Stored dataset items
┄┄┄┄┄┄┄┄┄┄

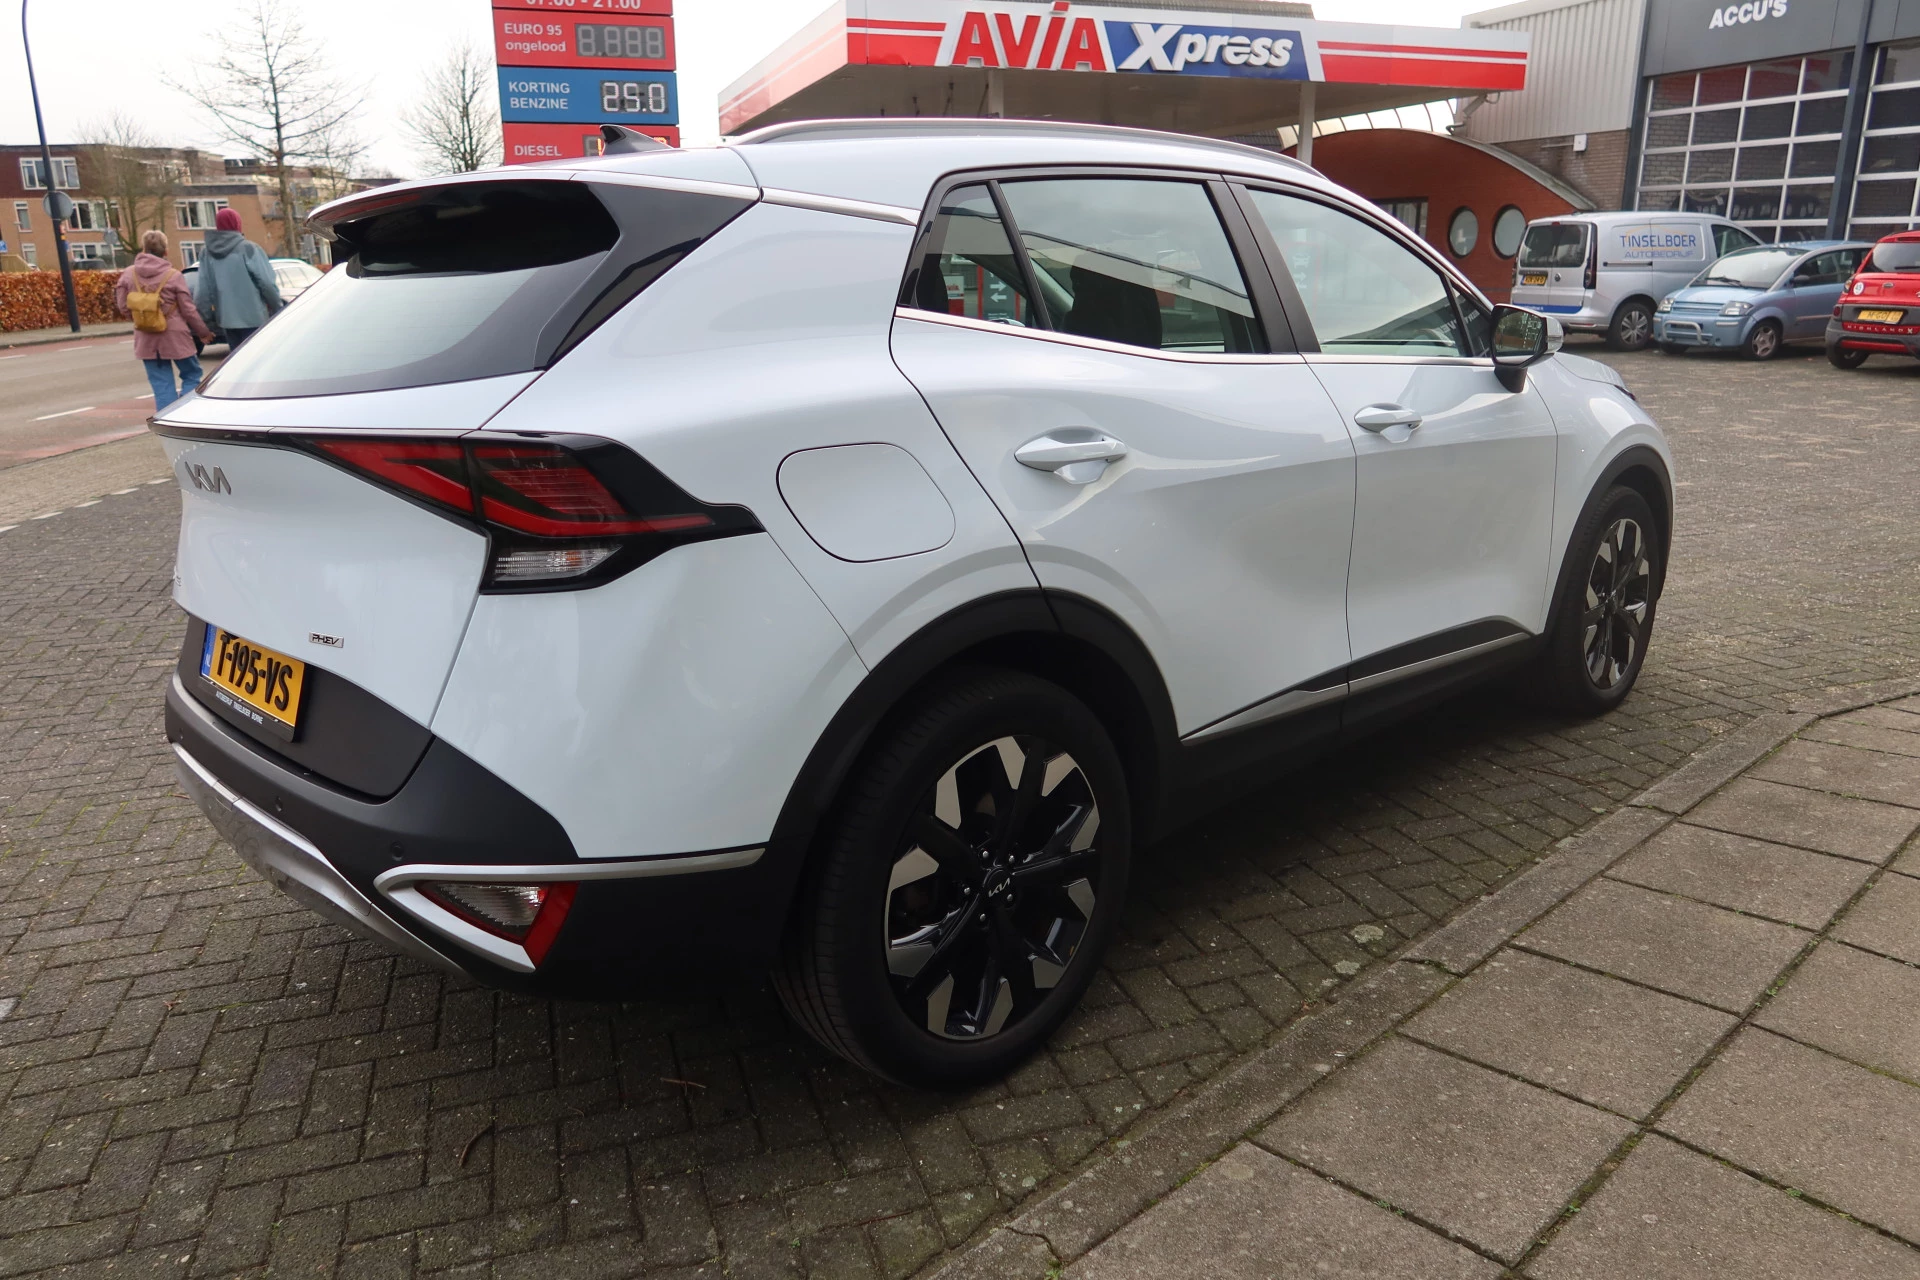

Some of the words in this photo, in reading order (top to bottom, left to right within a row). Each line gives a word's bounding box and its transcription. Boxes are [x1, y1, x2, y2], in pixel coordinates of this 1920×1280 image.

[1708, 0, 1788, 29] ACCU'S
[504, 23, 543, 35] EURO
[546, 25, 562, 36] 95
[505, 41, 566, 54] ongelood
[1117, 23, 1294, 71] Xpress
[508, 82, 570, 94] KORTING
[510, 97, 568, 109] BENZINE
[603, 82, 665, 112] 25.0
[514, 145, 562, 156] DIESEL
[1620, 234, 1697, 247] TINSELBOER
[312, 633, 339, 645] PHEV
[217, 633, 293, 711] T-195-VS
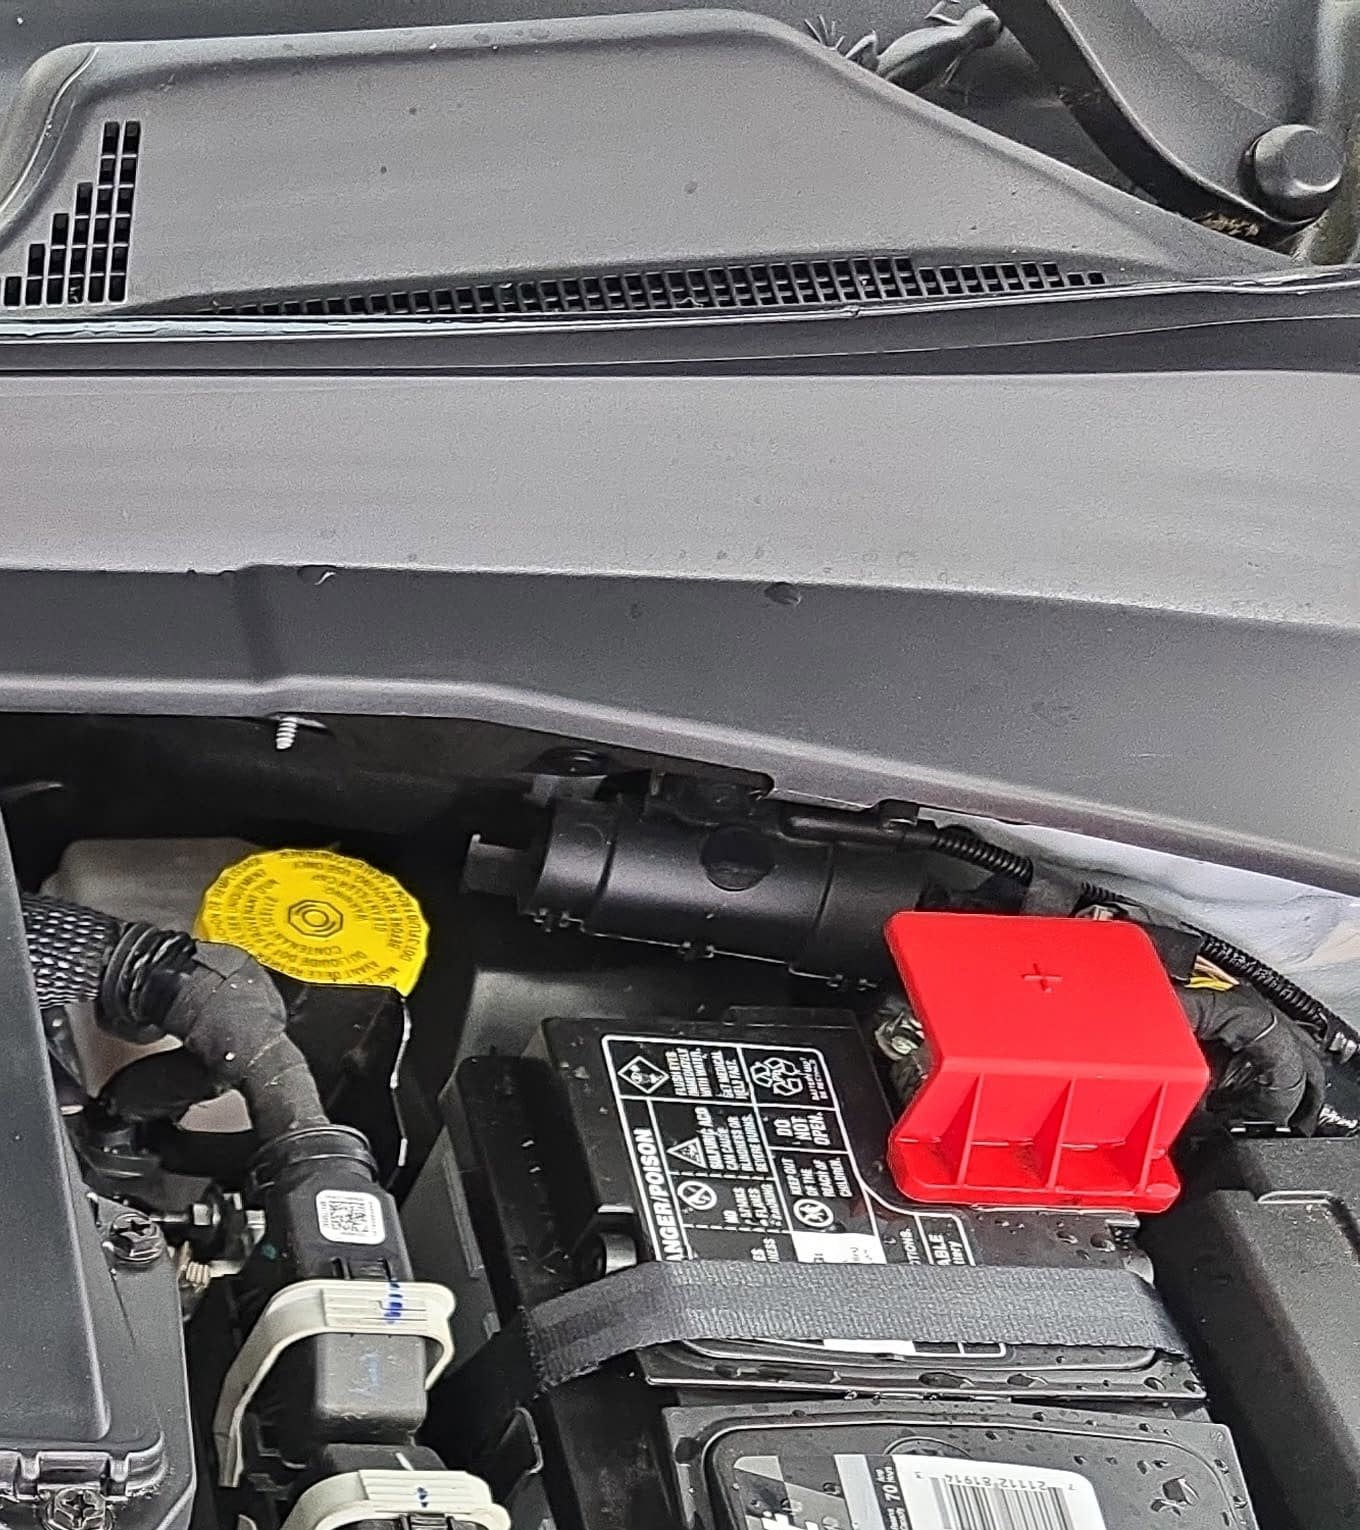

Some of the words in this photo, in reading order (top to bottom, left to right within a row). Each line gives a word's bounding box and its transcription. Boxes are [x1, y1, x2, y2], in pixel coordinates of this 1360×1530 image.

[774, 1119, 792, 1136] DO
[791, 1116, 812, 1140] NOT
[945, 1473, 992, 1487] 81914
[1000, 1477, 1048, 1491] 21112
[883, 1484, 900, 1501] 70
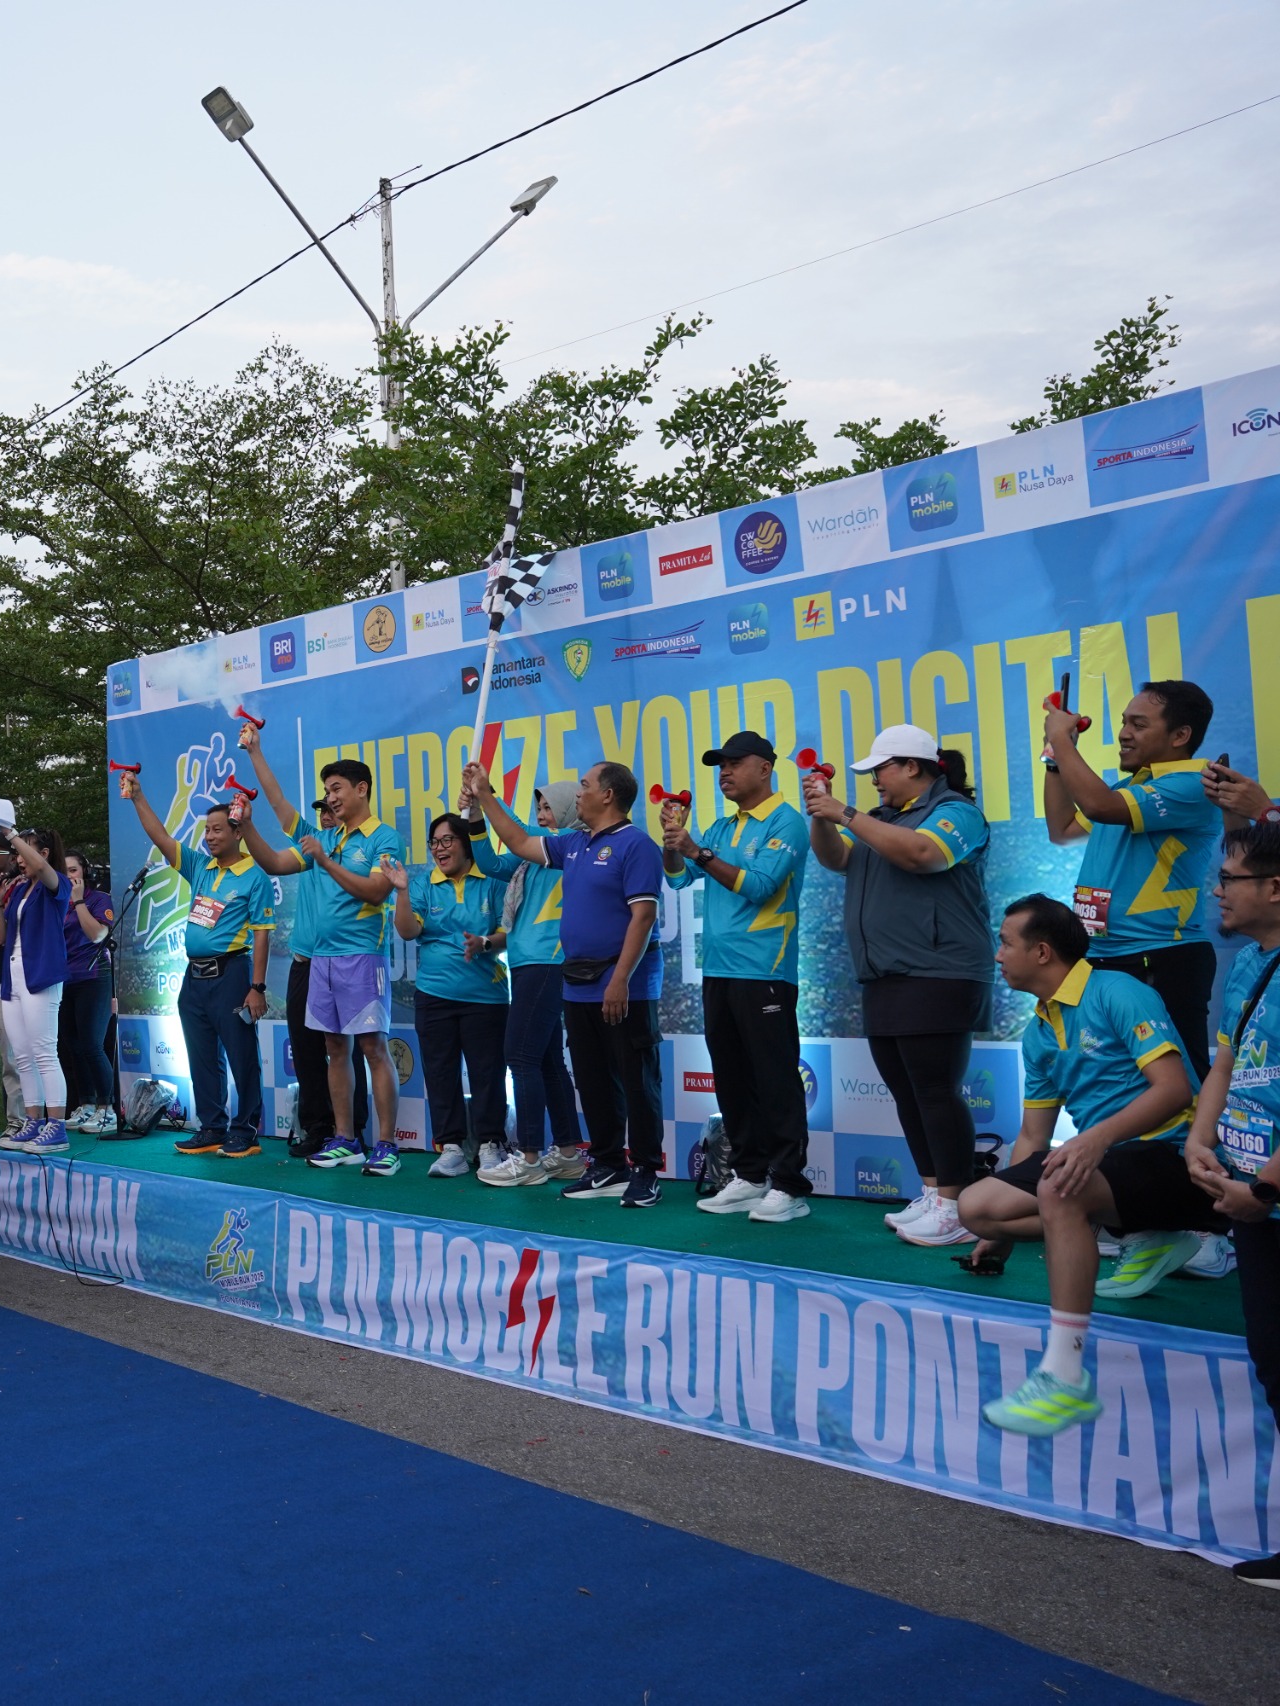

┄┄┄┄┄┄┄┄┄┄

INSTRUCTIONS FOR THE TASK: Retype every entry above exactly and, please, skip the pictures.

WRITTEN RESPONSE:
Some of the words in this photo, in reading order (top to bottom, left to right within a row). Each line gives a word's bounding box and its transcription. Boxes are [x1, y1, x2, y2], in pixel coordinates of this 1920×1280 image.

[1708, 0, 1788, 29] ACCU'S
[504, 23, 543, 35] EURO
[546, 25, 562, 36] 95
[505, 41, 566, 54] ongelood
[1117, 23, 1294, 71] Xpress
[508, 82, 570, 94] KORTING
[510, 97, 568, 109] BENZINE
[603, 82, 665, 112] 25.0
[514, 145, 562, 156] DIESEL
[1620, 234, 1697, 247] TINSELBOER
[312, 633, 339, 645] PHEV
[217, 633, 293, 711] T-195-VS

Some of the words in this photo, in reading order (top to bottom, left to right within a row). Each line gives a word's bounding box and its transcription. Boxes are [x1, y1, x2, y2], in pixel coordinates of this 1360×1530 image.

[774, 1119, 792, 1136] DO
[791, 1116, 812, 1140] NOT
[945, 1473, 992, 1487] 81914
[1000, 1477, 1048, 1491] 21112
[883, 1484, 900, 1501] 70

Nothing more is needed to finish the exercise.